_WHAT YOU ARE ASKED TO DO_.
Restate each line below word for word, skipping every picture.

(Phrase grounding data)
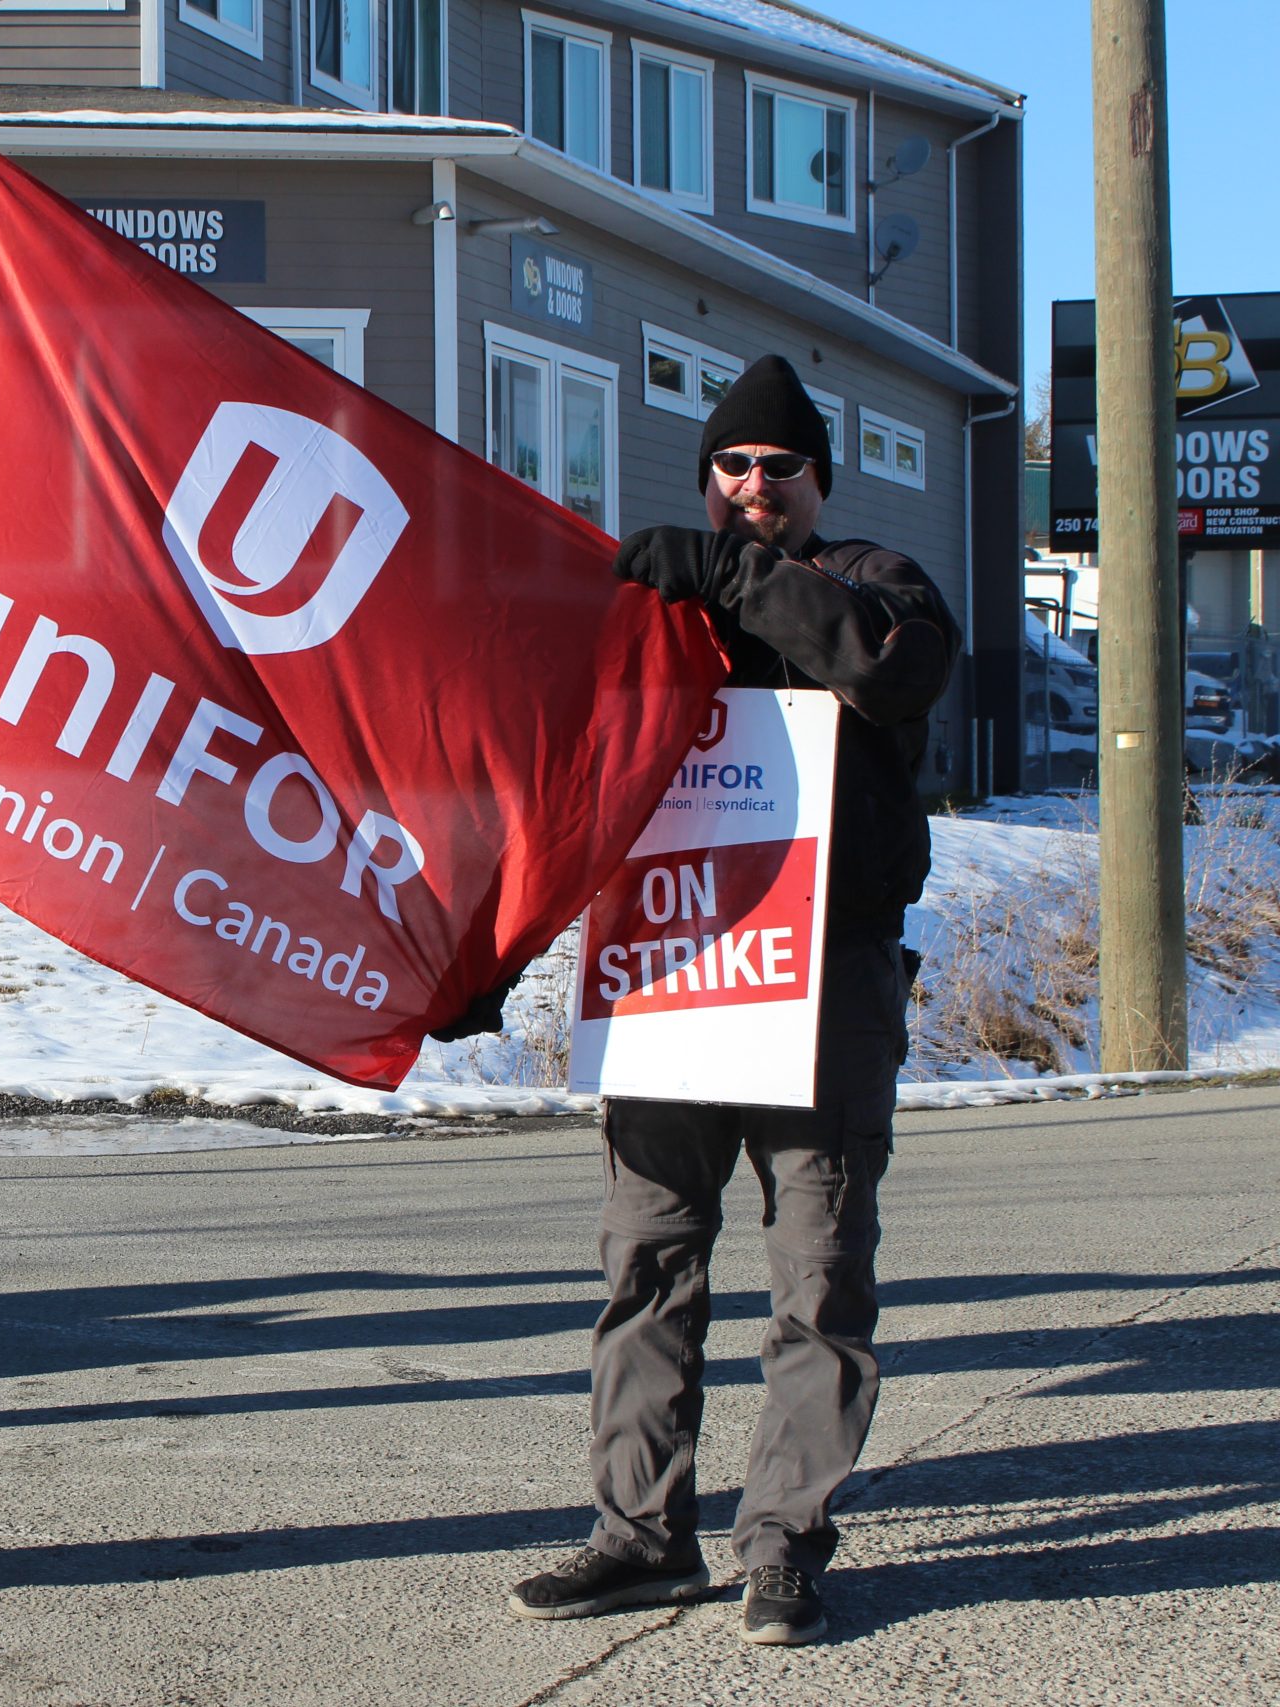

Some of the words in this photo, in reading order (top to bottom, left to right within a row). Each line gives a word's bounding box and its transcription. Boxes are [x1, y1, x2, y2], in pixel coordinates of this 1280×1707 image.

[545, 256, 584, 295] WINDOWS
[556, 290, 582, 324] DOORS
[1206, 508, 1231, 517] DOOR
[1234, 507, 1260, 516] SHOP
[1206, 517, 1227, 526] NEW
[1055, 518, 1081, 532] 250
[1206, 526, 1264, 535] RENOVATION
[656, 797, 692, 810] nion
[703, 797, 775, 813] lesyndicat
[642, 861, 718, 924] ON
[173, 868, 390, 1011] Canada
[598, 926, 797, 1001] STRIKE

_SOLVED EXERCISE_.
Some of the words in this photo, in reading order (top to bottom, left to right within a row). Each line gives a word's bounding box and its transcription. Boxes are [x1, y1, x2, y2], in pixel coordinates of this 1280×1707 image.

[545, 256, 584, 295] WINDOWS
[556, 290, 582, 324] DOORS
[1206, 508, 1231, 517] DOOR
[1234, 507, 1260, 516] SHOP
[1206, 517, 1227, 526] NEW
[1055, 518, 1081, 532] 250
[1206, 526, 1264, 535] RENOVATION
[656, 797, 692, 810] nion
[703, 797, 775, 813] lesyndicat
[642, 861, 718, 924] ON
[173, 868, 390, 1011] Canada
[598, 926, 797, 1001] STRIKE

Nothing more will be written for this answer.